Perhaps my multimeter is busted, as far as the ammeter side goes? I'll try to find someone else around that has one I can borrow.
I ordered a CNX-P5V and plan on covering the +5V pin on the USB cable so USB devices only draw from the P1900.
With this set up though, once the computer goes to sleep - won't the loss of power to the P5V (and the USB hub/devices) cause the Mini to wake up again?
Not sure if understand the logic behind the ammeter and its fuse.
You will need to connect the circuit and ammeter in series. If you want to do it from the car battery, disconnect one of the terminals, then use your ammeter like a piece of wire to connect the battery terminal and the lead.
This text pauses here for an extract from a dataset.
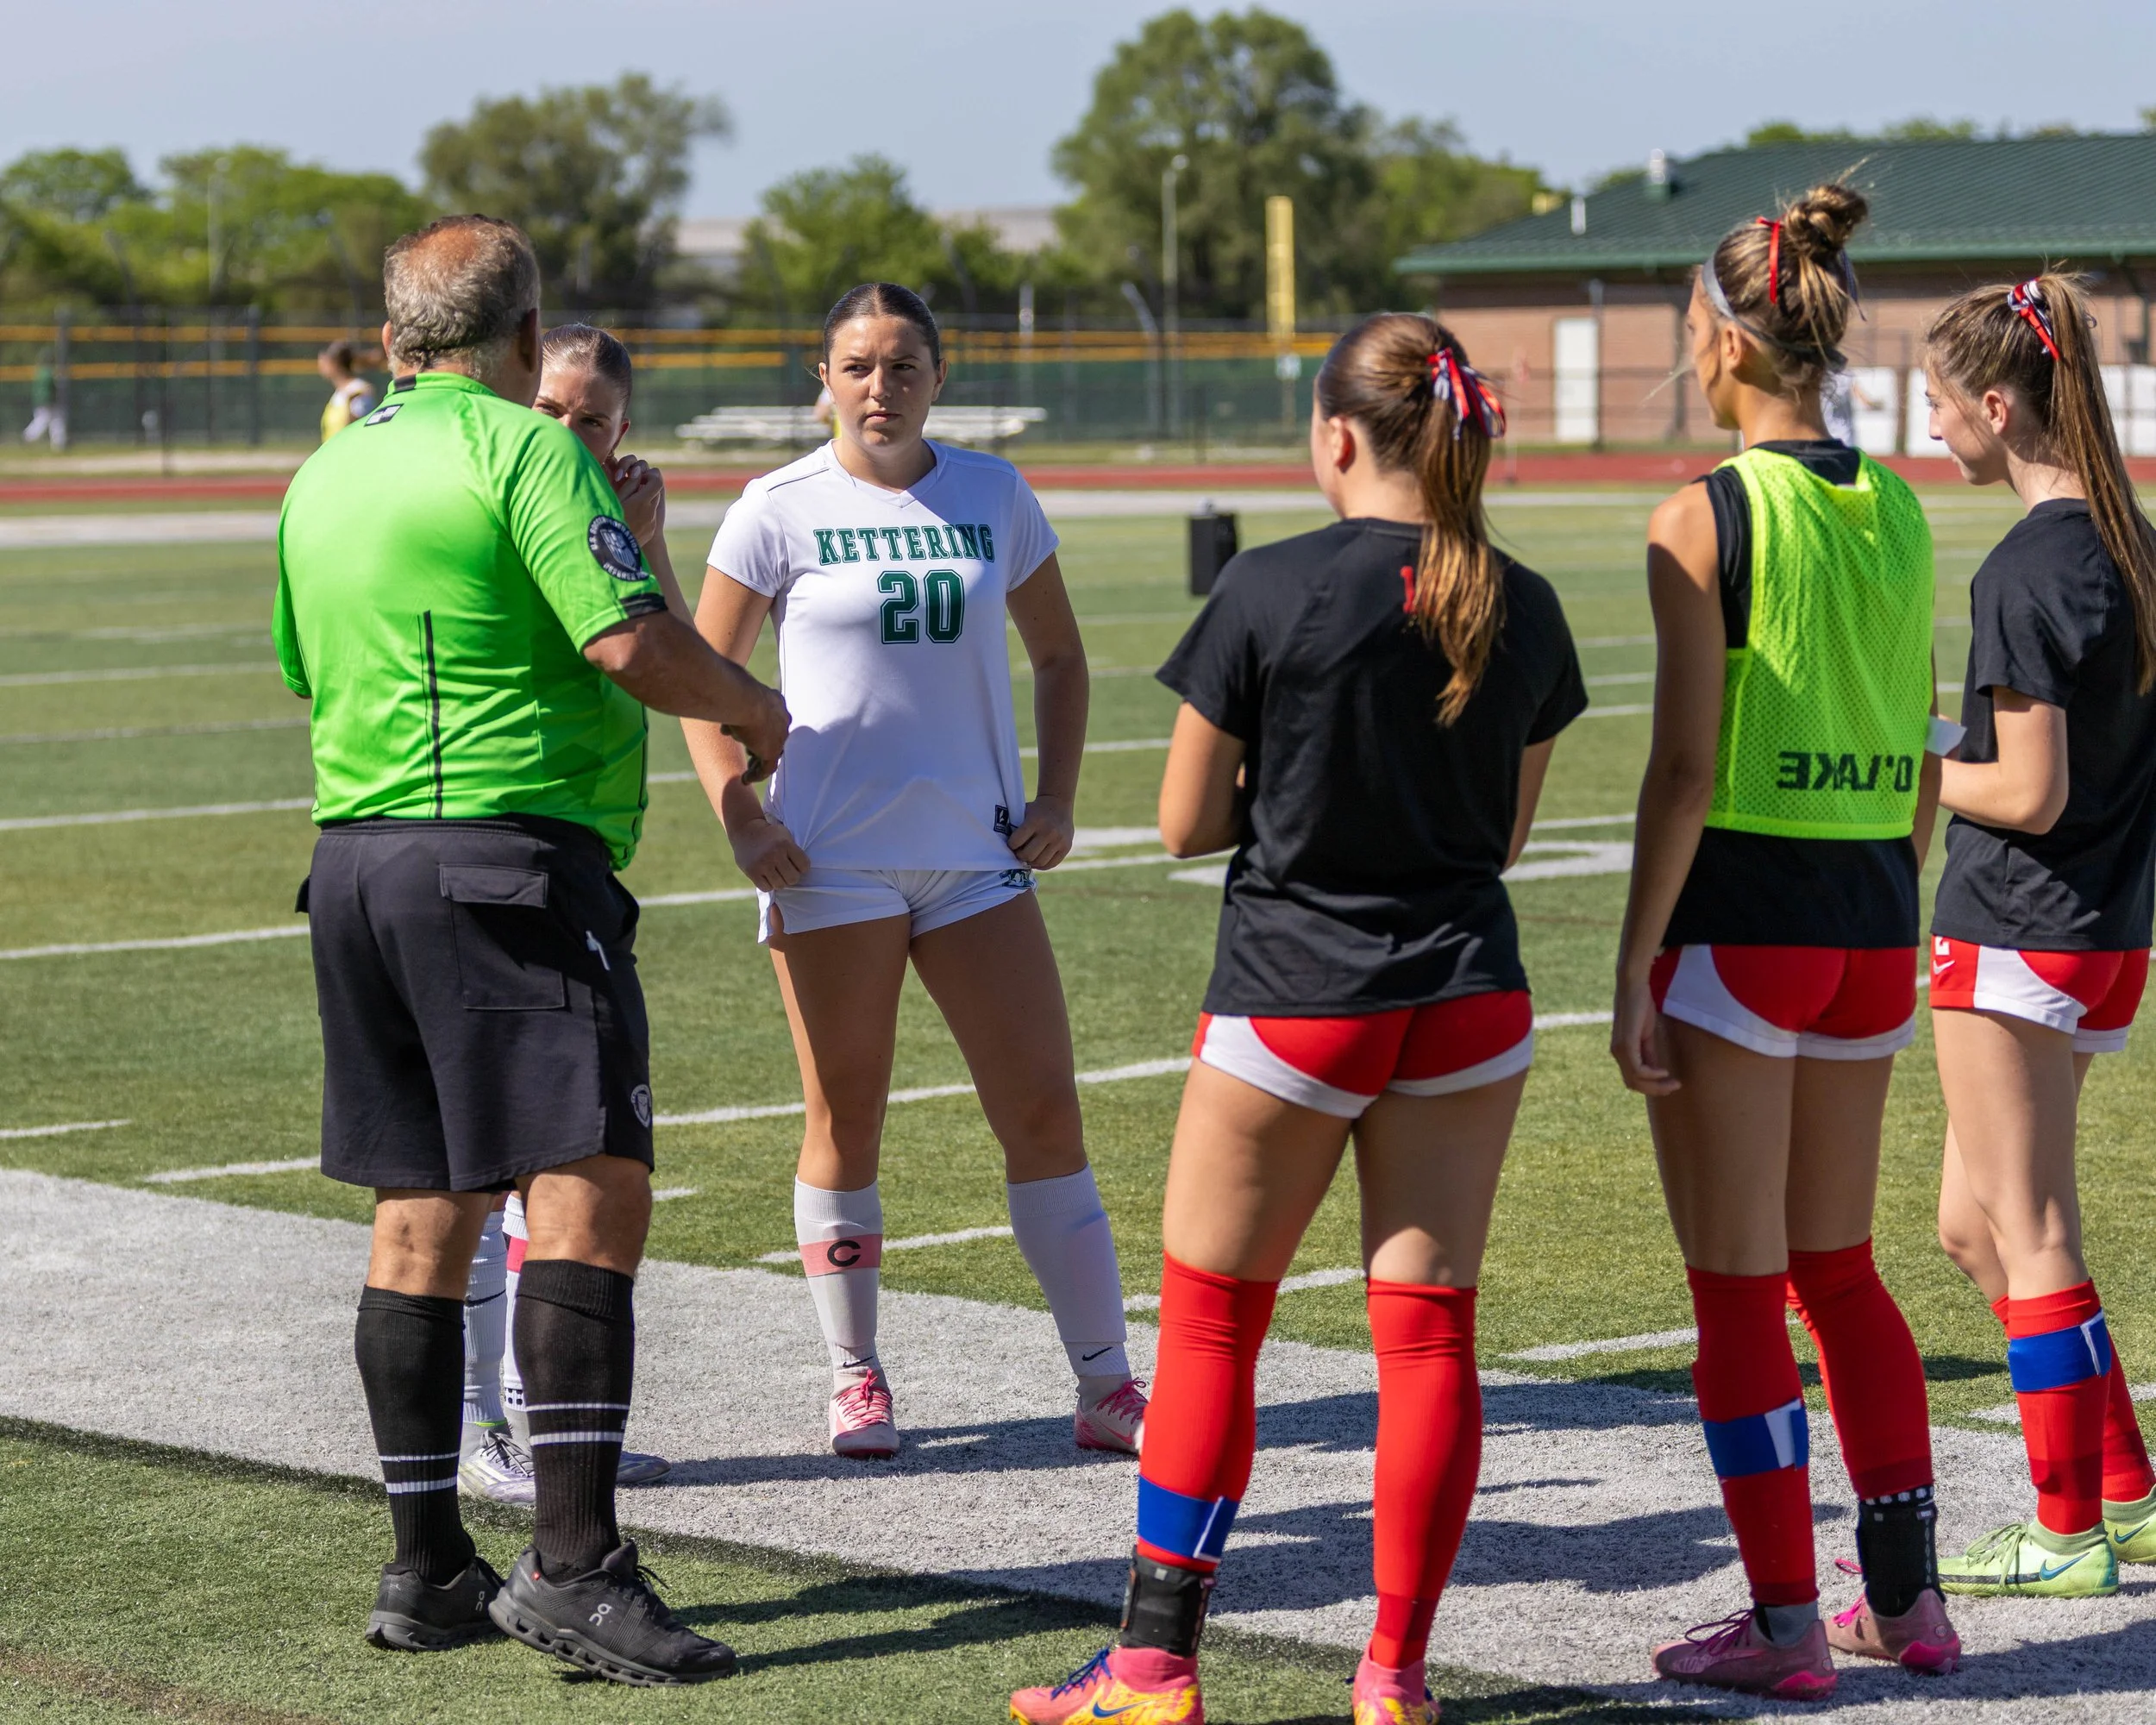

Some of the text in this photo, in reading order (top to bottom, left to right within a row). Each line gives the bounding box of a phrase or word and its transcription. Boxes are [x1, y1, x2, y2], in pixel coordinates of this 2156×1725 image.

Basically, the ammeter has negligible resistance, so it will not affect your circuit at all. If you have tried to measure the current by doing it in parallel, meaning like how you measure voltage, alot of current will flow through, as I = V / R, since V = 12V (car battery) and R is very very small, I is very very large, and it will most likely fry the fuse in the ammeter. Subsequent correct measurements will come out to be zero as the fuse is gone and there is infinite resistance, so no current will flow through.
As for the AC and DC, some multimeters will only have signs to say, a ~ sign means AC, DC is an unbroken line above a dotted line (you need the DC one).
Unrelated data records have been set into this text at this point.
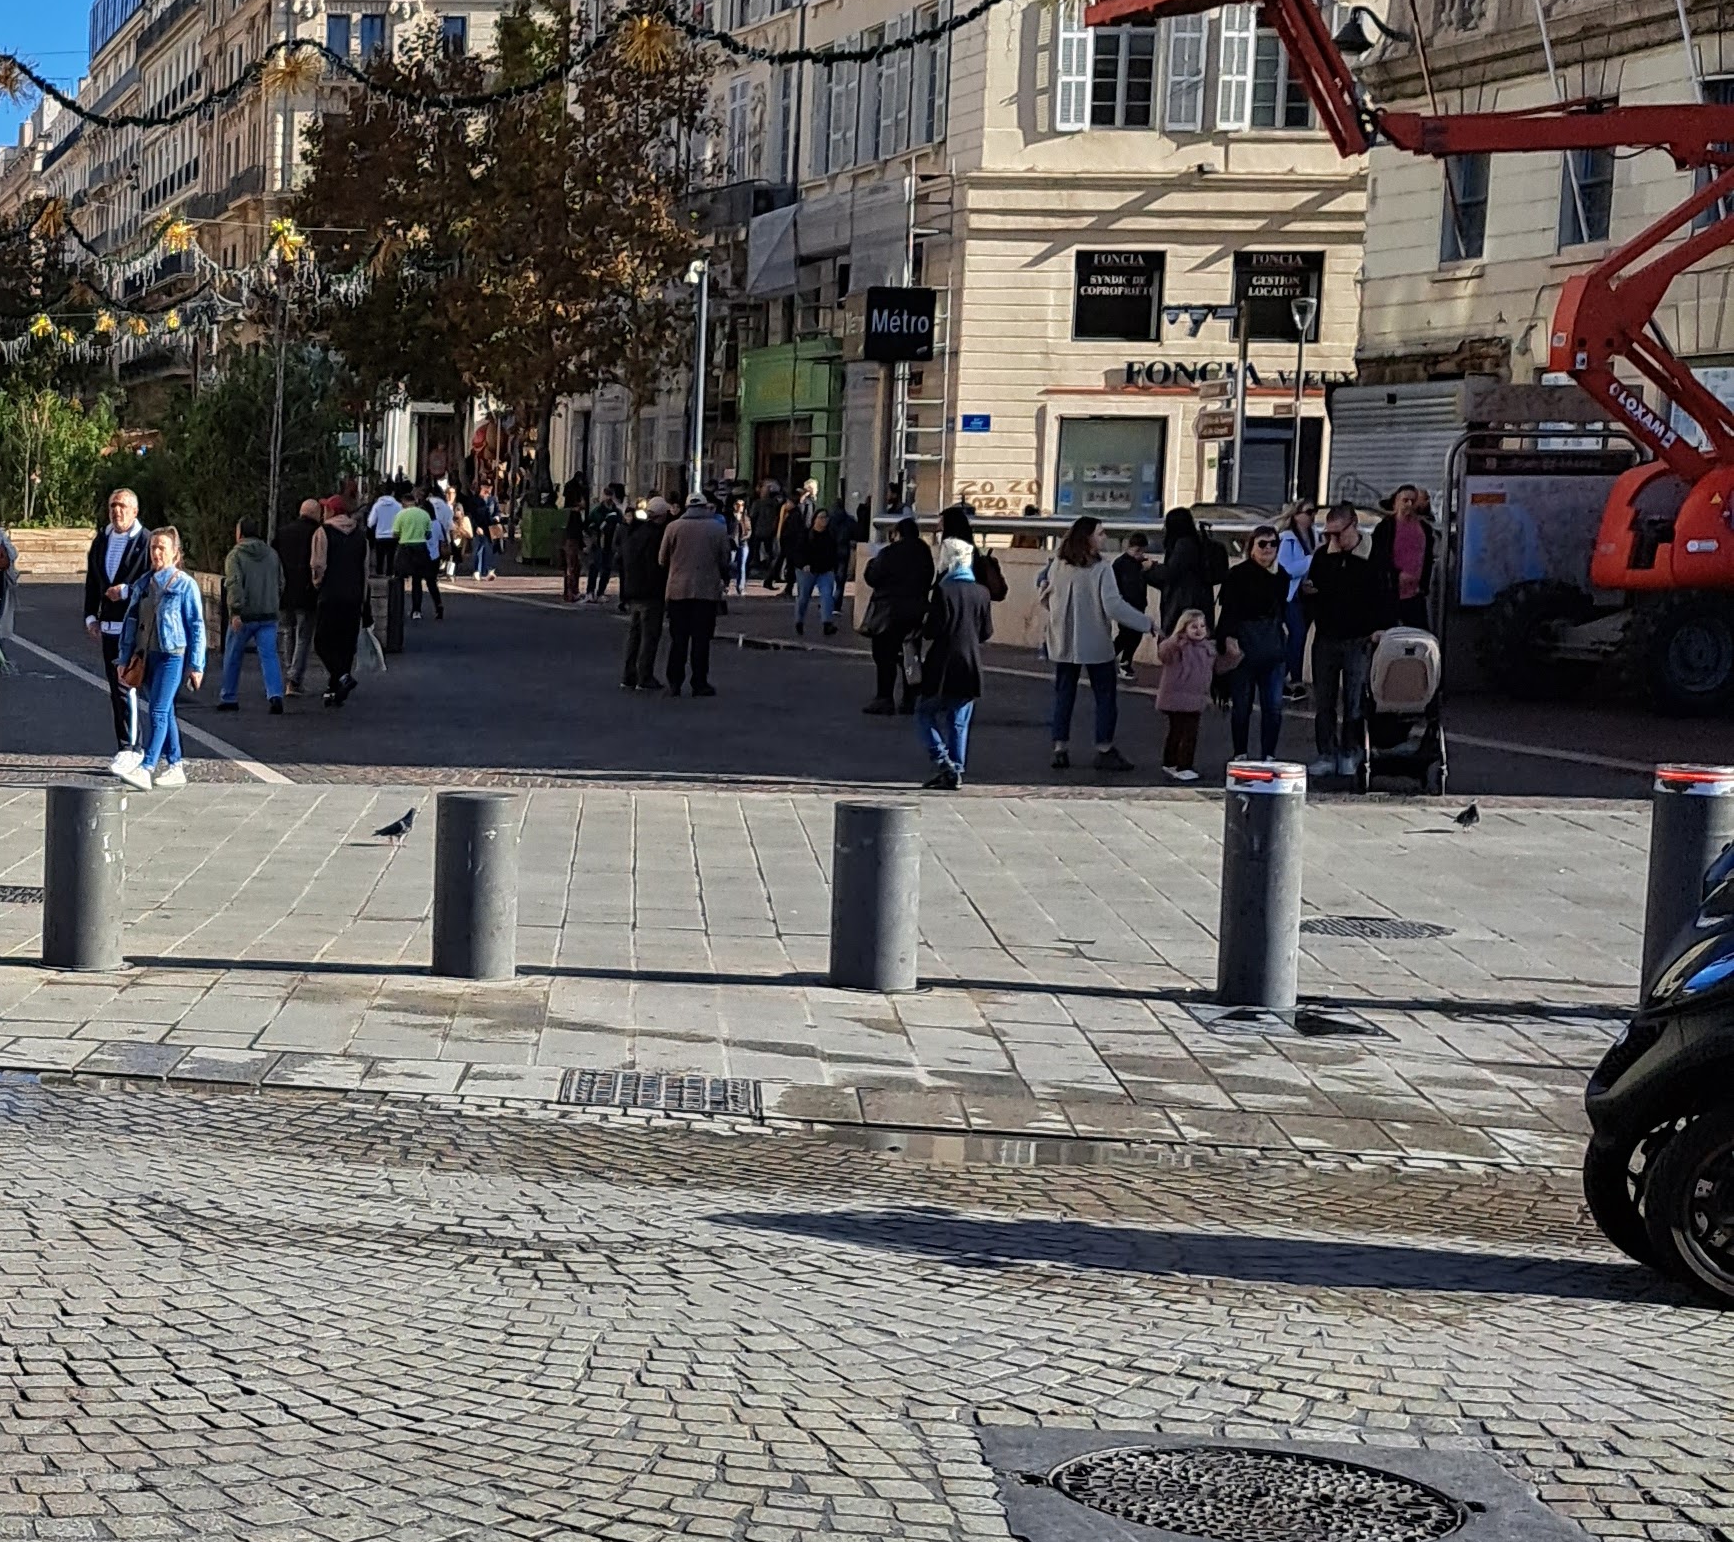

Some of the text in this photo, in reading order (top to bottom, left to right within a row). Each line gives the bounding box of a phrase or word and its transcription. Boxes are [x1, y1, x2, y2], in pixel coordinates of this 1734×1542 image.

[1094, 253, 1146, 266] FONCIA
[1251, 253, 1304, 266] FONCIA
[1089, 274, 1131, 285] SYNDIC
[1251, 275, 1300, 286] GESTION
[871, 308, 930, 334] Métro
[1124, 361, 1262, 386] FONCIA
[1617, 390, 1666, 438] LOXAM
How about disconnecting your entire setup for 1 day, and see if it is really the cause. A simple short or near short somewhere could be the problem too.
The logic is that on Ammeters that have fuses, they are A) meant for in-circuit work and B) their electronics and/or leads are not rated to handle a current higher than the fuse.
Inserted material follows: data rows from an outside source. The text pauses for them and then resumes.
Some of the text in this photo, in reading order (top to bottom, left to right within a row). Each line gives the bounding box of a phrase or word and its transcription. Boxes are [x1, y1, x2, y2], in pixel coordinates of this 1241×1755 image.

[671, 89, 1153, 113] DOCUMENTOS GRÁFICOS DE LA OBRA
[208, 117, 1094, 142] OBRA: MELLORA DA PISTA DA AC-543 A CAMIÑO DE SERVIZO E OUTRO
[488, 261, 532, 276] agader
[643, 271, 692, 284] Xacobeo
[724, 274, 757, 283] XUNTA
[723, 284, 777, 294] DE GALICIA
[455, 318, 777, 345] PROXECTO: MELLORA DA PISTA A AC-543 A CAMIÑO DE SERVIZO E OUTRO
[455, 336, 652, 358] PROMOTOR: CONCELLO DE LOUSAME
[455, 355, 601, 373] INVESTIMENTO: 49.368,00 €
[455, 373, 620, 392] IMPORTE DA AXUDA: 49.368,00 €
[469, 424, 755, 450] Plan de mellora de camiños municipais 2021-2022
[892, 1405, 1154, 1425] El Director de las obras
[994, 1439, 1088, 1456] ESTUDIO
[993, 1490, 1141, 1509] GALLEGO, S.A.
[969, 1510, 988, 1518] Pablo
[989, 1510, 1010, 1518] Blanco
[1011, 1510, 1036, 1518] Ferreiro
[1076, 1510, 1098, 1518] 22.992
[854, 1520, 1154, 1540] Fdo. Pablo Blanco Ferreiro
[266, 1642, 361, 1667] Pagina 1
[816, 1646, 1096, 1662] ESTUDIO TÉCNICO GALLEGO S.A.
What you really need for this kind of work is one that clamps over the power line and isn't in-circuit. I have one from Craftsman that I just picked up to deal with my own power issues.
-dave
Just to make sure: not all clamp ammeters can handle DC! The cheaper ones only handle AC (a normal induction I guess), while the more expensive ones can handle both AC and DC (using a Hall-effect sensor).
They are also nowhere close to the regular ammeters when it comes to precision of measurement - most of the Hall-effect-based ammeters need to be calibrated more or less before each measurement to compensate for Earth's magnetic field.
If your battery lasts for a few hours while parking, use a clamp meter. If you are hunting down some tens or hunderds of mA, use a regular multimeter instead.
It probably uses the same sequencing for the shutoff that it does with the +12V. The P1900 first shuts down the +12V (i.e. touchscreen with USB) and then the +18V for the computer, so that USB transients from the screen will not wake the computer. Check the manual, but I imagine it uses the same for +5V.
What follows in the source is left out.